Filtering raw values changes the state seen by the controller. Filtering error changes the combined effect of setpoint changes and measurement changes. Filtering derivative mainly suppresses derivative noise. Filtering or ramping output limits actuator command speed.

All of these can look like “make it smoother,” but their closed-loop meaning differs.

For example, if the setpoint changes suddenly, filtering error may delay the setpoint change too. Filtering the measurement mainly delays feedback. Ramping the output limits how fast the actuator command changes.

During debugging, specify where filtering is applied, or the problem can be assigned to the wrong layer.

Different Signals Can Use Different Filtering

A common improvement is to separate display, alarm, and control data paths.

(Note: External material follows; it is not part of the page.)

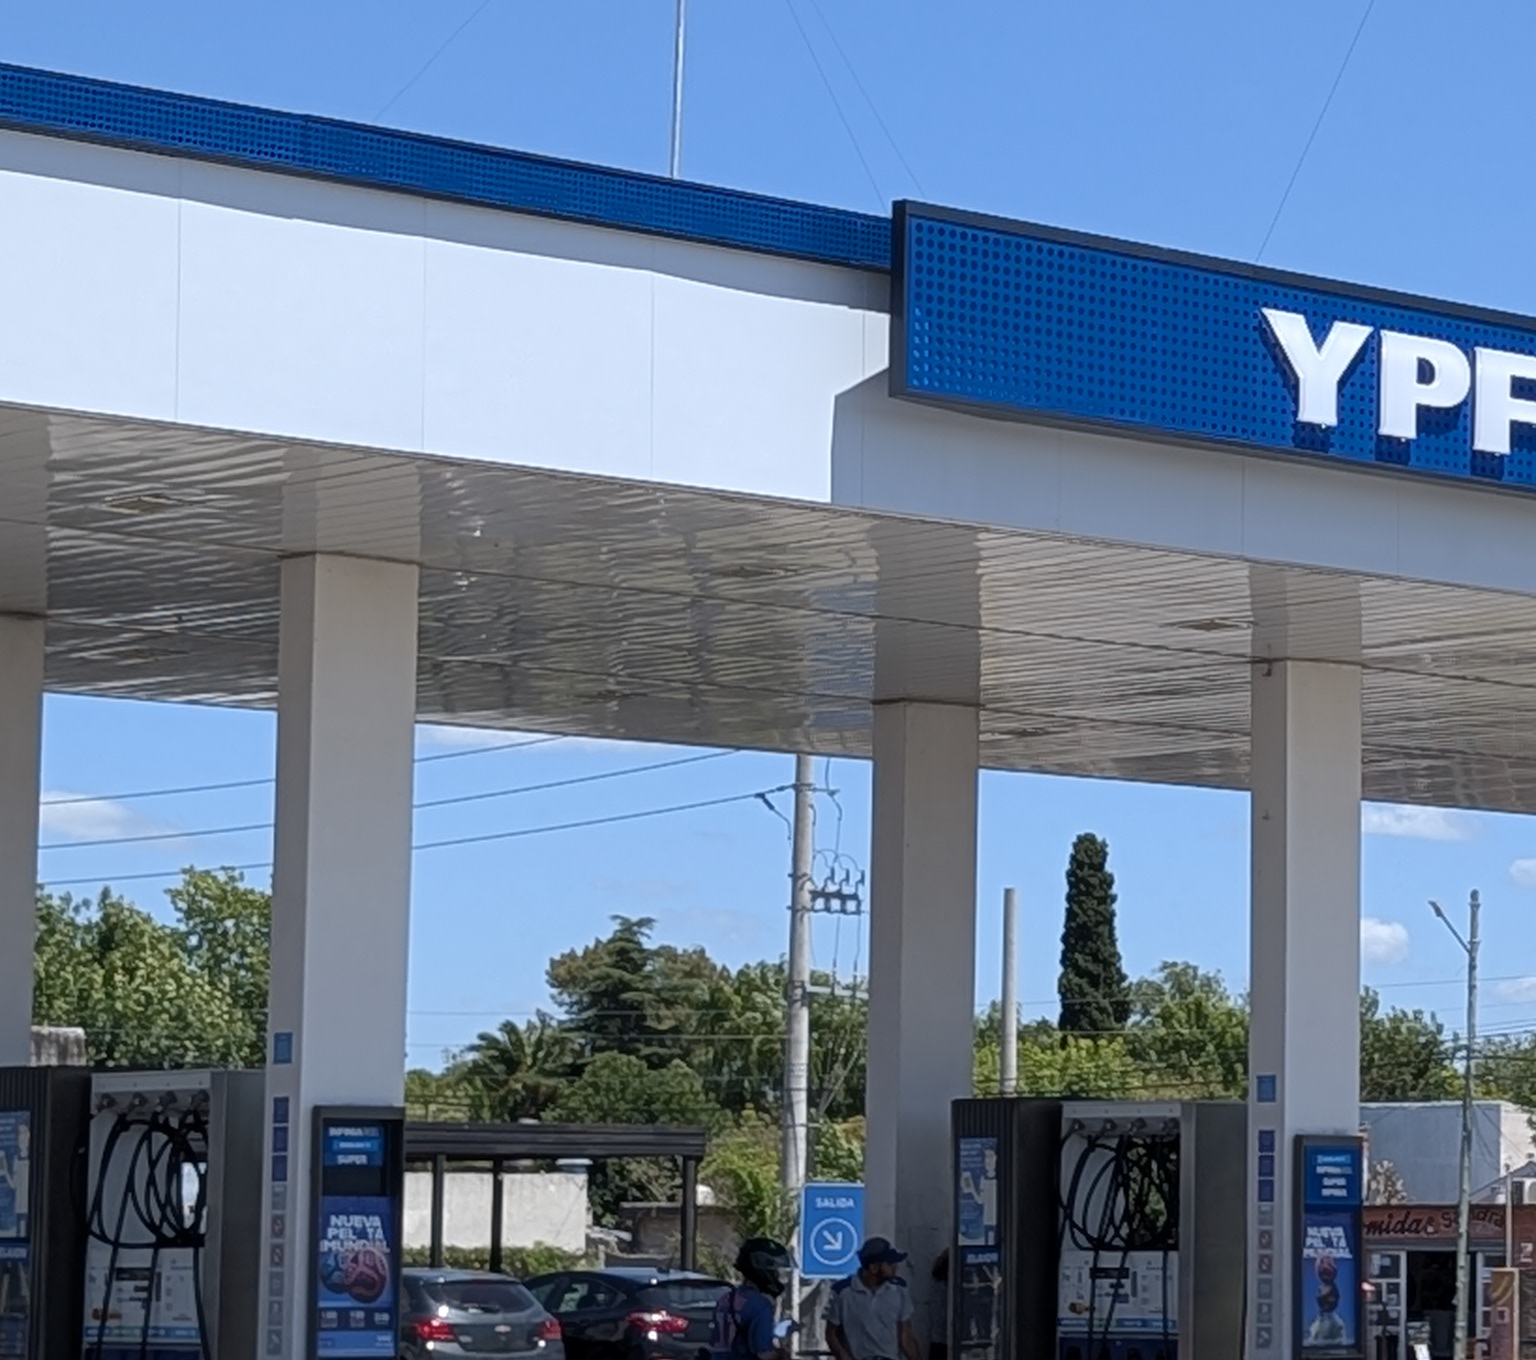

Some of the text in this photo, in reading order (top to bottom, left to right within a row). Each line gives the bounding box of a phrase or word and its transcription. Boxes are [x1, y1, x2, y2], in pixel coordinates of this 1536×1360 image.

[815, 1196, 856, 1208] SALIDA
[330, 1214, 382, 1228] NUEVA
[327, 1227, 385, 1240] PELTA

Display values can be smoother. Alarm logic can use hysteresis, confirmation, and state machines. Control values should keep feedback timely and apply only necessary noise reduction.

For example:

raw sampling
-> lightly filtered control value
-> heavily filtered display value
-> alarm state with hysteresis and confirmation

This avoids forcing one filter parameter to satisfy three goals: stable display, reliable alarms, and timely control.

In a closed loop, less filtering is not always better, and more filtering is not always more stable. Each data path needs a clear job.

Debug Filtering by Looking at Time and Response

When control becomes worse after filtering, do not only look at noise amplitude.

Record at least:

  1. Raw measurement.
  2. Filtered control value.
  3. Display value and alarm state.
  4. Sampling period.
  5. Real time length of filter windows.
  6. Control output.
  7. Actuator response.
  8. Setpoint change and real plant response.

Then check:

  • how long after raw value changes the control value changes
  • whether control output keeps pushing based on old feedback
  • whether overshoot increases after filtering
  • whether stronger filtering makes the same gains more oscillatory
  • whether display stability and control stability were treated as the same goal

If filtering makes the controller know about plant changes later, it is not only reducing noise. It is changing closed-loop dynamics.

Filtering can make numbers steadier, but closed-loop control needs feedback that is timely, credible, and clean enough.

Consider filter delay, sampling period, PID gains, and actuator response together. That is the difference between filtering helping the loop and filtering dragging the controller into the past.